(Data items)
--- START ---

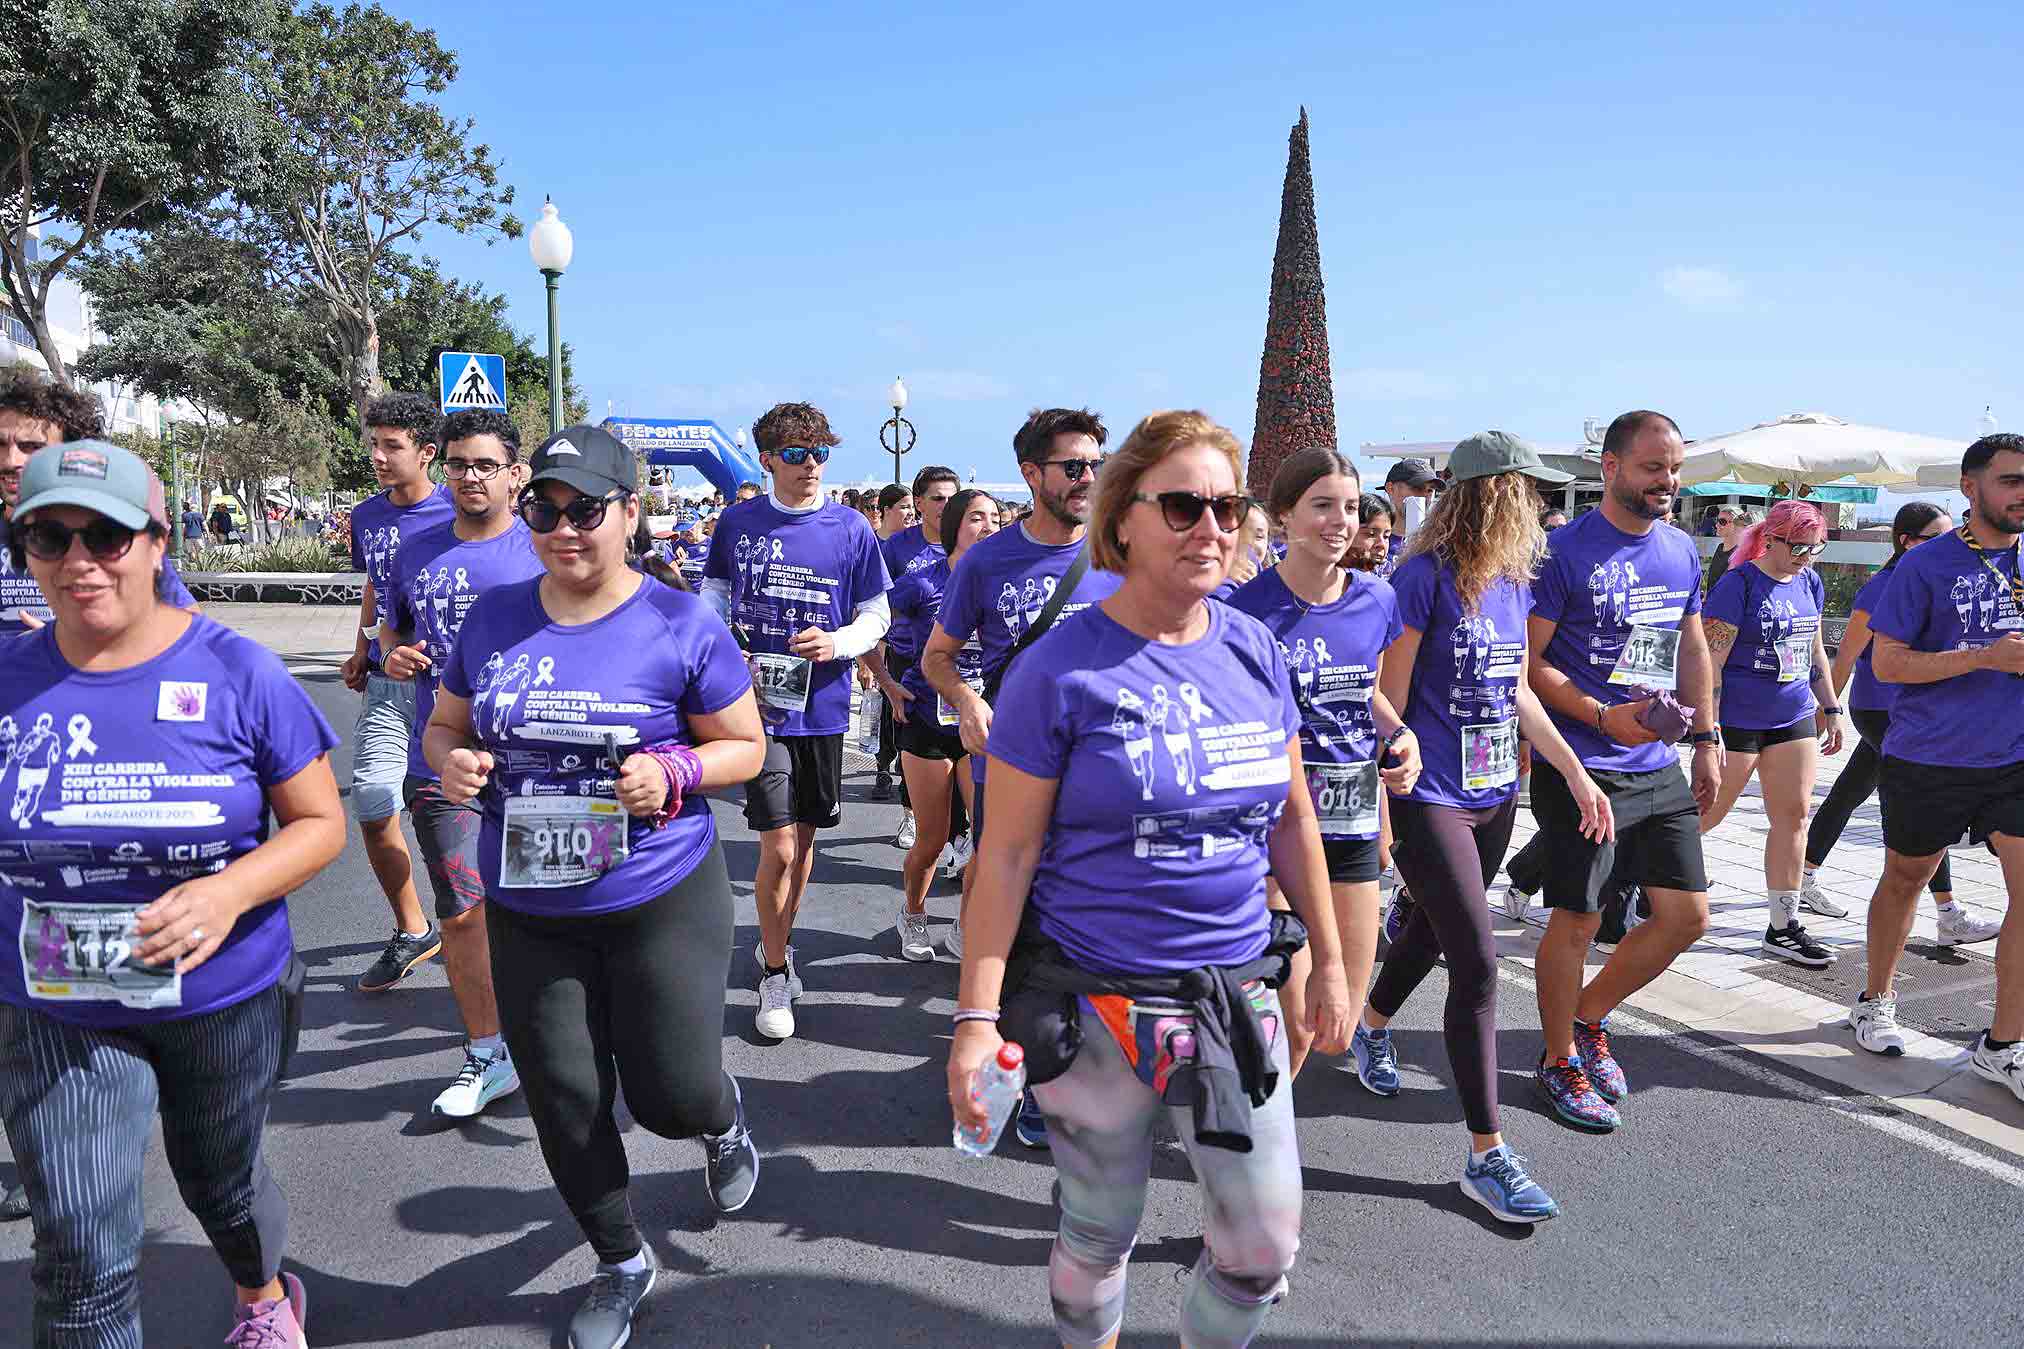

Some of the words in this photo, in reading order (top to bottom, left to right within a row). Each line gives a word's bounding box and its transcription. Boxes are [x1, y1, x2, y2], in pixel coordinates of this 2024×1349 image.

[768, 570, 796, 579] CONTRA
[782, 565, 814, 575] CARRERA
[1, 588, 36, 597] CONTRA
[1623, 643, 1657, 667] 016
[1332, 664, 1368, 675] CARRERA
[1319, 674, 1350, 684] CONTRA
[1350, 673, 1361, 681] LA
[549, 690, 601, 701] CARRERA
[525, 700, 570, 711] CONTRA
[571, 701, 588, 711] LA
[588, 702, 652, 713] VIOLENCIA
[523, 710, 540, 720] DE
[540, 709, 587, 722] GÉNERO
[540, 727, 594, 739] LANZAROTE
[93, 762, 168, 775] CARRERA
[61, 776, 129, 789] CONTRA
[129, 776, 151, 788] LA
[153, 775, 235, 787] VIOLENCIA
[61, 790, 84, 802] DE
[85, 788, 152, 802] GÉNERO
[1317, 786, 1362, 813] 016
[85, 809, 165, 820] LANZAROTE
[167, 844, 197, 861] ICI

--- END ---

__WHAT IS BEING ASKED__
Exactly as they appear above, give the records again, without their pictures.

__RESULT OF THIS EXERCISE__
Some of the words in this photo, in reading order (top to bottom, left to right within a row). Each line gives a word's bounding box and its transcription. Boxes are [x1, y1, x2, y2], in pixel coordinates of this 2024×1349 image.

[768, 570, 796, 579] CONTRA
[782, 565, 814, 575] CARRERA
[1, 588, 36, 597] CONTRA
[1623, 643, 1657, 667] 016
[1332, 664, 1368, 675] CARRERA
[1319, 674, 1350, 684] CONTRA
[1350, 673, 1361, 681] LA
[549, 690, 601, 701] CARRERA
[525, 700, 570, 711] CONTRA
[571, 701, 588, 711] LA
[588, 702, 652, 713] VIOLENCIA
[523, 710, 540, 720] DE
[540, 709, 587, 722] GÉNERO
[540, 727, 594, 739] LANZAROTE
[93, 762, 168, 775] CARRERA
[61, 776, 129, 789] CONTRA
[129, 776, 151, 788] LA
[153, 775, 235, 787] VIOLENCIA
[61, 790, 84, 802] DE
[85, 788, 152, 802] GÉNERO
[1317, 786, 1362, 813] 016
[85, 809, 165, 820] LANZAROTE
[167, 844, 197, 861] ICI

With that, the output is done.